Prof. A G Ramakrishnan and Dr. Shiva Kumar H R develop a Kannada OCR that beats Google’s Tesseract OCR

ACM Transactions on Asian and Low-Resource Language Information Processing (ACM-TALLIP) has accepted this work for publication. They have shown conclusively how their Lipi Gnani OCR beats Google’s latest version of the Tesseract OCR for Kannada, on the benchmark datasets on Github. Lipi Gnani is more than thrice as fast and marginally better in accuracy. One of the reviewers has said that this paper can be considered as a benchmark for Kannada document recognition and recommended it for the best paper.

This OCR has now been licensed to RaGaVeRa Indic Technologies by the Indian Institute of Science. Another startup, BhaShiNi Digitization Services, is using Lipi Gnani to digitize hundreds of Kannada books by famous authors into e-books that can be read on Amazon Kindle, etc.

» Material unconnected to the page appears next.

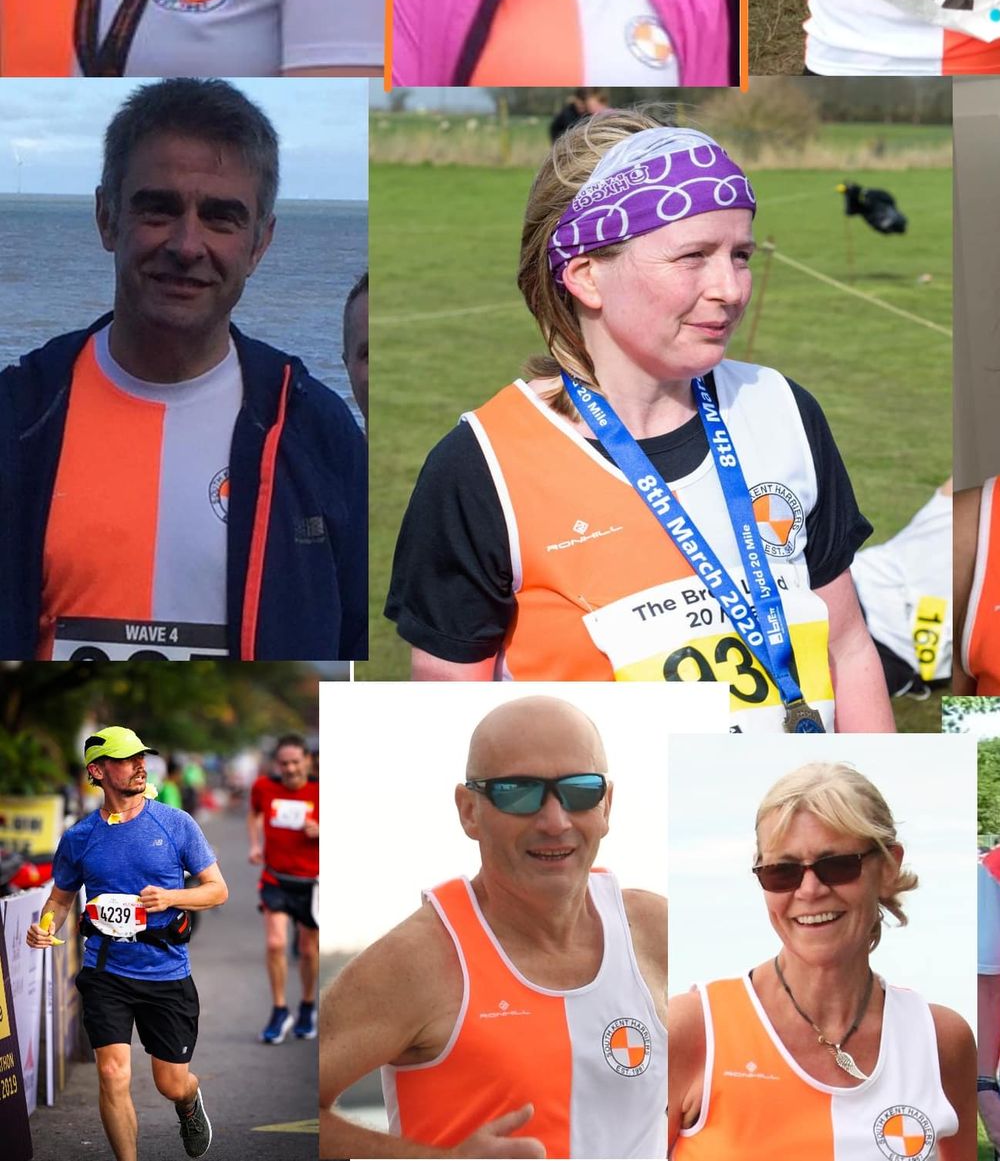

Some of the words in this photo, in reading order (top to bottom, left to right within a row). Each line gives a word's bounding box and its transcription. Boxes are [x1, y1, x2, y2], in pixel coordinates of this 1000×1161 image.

This startup has been funded for this work by the Karnataka Startup Cell. And they are successfully running the OCR on Raspberry Pi processor !

Reference : Prof. A G Ramakrishnan and Dr. Shiva Kumar H R, “Lipi Gnani – A Versatile OCR for Documents in any Language Printed in Kannada Script”, ACM Transactions on Asian and Low-Resource Language Information Processing, Vol. 1, No. 1, Article 1, February 2020. (pdf)